- CRA Credit Solutions

- Feb 23
- 2 min read
A reputable credit repair company should not charge you a monthly fee—or at least, ongoing monthly subscriptions often signal poor value, potential legal gray areas, or unnecessary costs for services. While some companies use monthly billing to comply with federal rules (by charging only after work is done each cycle), the structure frequently disadvantages consumers. Here's why you should be cautious—or avoid—them altogether.
1. CRA Credit Solutions makes things simple and effective
The core of legitimate credit repair involves disputing inaccurate or outdated items on your credit reports with the three major bureaus (Equifax, Experian, TransUnion). Under the Fair Credit Reporting Act (FCRA), you're entitled to:
Free weekly credit reports from AnnualCreditReport.com
Dispute errors directly online, by mail, or phone
Receive investigation results within 30 days
Credit repair companies typically send dispute letters on your behalf and guide you carefully through the entire repair process. However, paying $50–$150 per month (common range) for this service often means you're funding clerical work vs paying for results.
2. Monthly Fees Can Add Up to Hundreds or Thousands with No Guaranteed Results
Credit repair isn't quick or certain. Negative items like late payments stay for 7 years, bankruptcies up to 10. Companies may take 3–12 months (or longer) to see meaningful changes, if any—accurate negative information can't be removed.
Yet monthly fees of $50–$150 (plus setup fees of $19–$200) accumulate fast:
6 months: $300–$900+
12 months: $600–$1,800+
If disputes fail, you've paid ongoing without proportional benefit. The potential score boost (often 20–50 points at best) rarely justifies the expense compared to free DIY efforts or time invested in better habits like on-time payments.
3. Federal Law (CROA) Strictly Limits How Fees Can Be Charged—Monthly Models Can Skirt the Spirit
Some companies use monthly subscriptions to comply technically—claiming each month's fee covers "services performed" that prior month (e.g., sending a batch of disputes). However:
Regulators and advocates note this structure can evade stricter intent, especially when results are slow or minimal.
The FTC and CFPB warn against misleading setups that feel like ongoing payments for uncertain outcomes.
Major enforcement actions (e.g., against companies like Lexington Law/CreditRepair.com) targeted illegal advance fees and deceptive practices, highlighting how fee structures enable abuse.
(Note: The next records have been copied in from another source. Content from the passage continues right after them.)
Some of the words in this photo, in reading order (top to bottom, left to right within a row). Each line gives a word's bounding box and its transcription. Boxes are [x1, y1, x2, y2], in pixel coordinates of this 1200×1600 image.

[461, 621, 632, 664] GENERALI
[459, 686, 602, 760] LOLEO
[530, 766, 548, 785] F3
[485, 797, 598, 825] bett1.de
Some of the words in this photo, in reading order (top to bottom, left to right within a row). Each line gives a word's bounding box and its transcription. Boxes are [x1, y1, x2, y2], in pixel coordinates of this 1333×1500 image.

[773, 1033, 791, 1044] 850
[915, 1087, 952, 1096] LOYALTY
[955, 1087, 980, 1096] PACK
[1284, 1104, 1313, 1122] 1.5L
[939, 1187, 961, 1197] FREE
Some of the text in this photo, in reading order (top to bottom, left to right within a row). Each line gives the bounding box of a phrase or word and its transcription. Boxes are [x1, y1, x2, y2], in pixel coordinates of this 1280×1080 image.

If a company pushes indefinite monthly billing without clear, itemized progress, it raises red flags.
4. Many "Credit Repair" Promises Are Overhyped or Illegal
Companies can't legally:
Guarantee specific score increases
Remove accurate negative information
Promise overnight fixes
That's why CRA Credit Solutions provides Sample Files of proven credit repair results. We don't just make promises, we deliver results!
In short, legitimate help shouldn't rely on endless monthly fees. If a company insists on this model without proving rapid, tangible value (and full CROA compliance), walk away. Your credit improvement is too important to tie to recurring charges that often benefit the company more than you. Take control yourself; the results (and savings) will speak for themselves.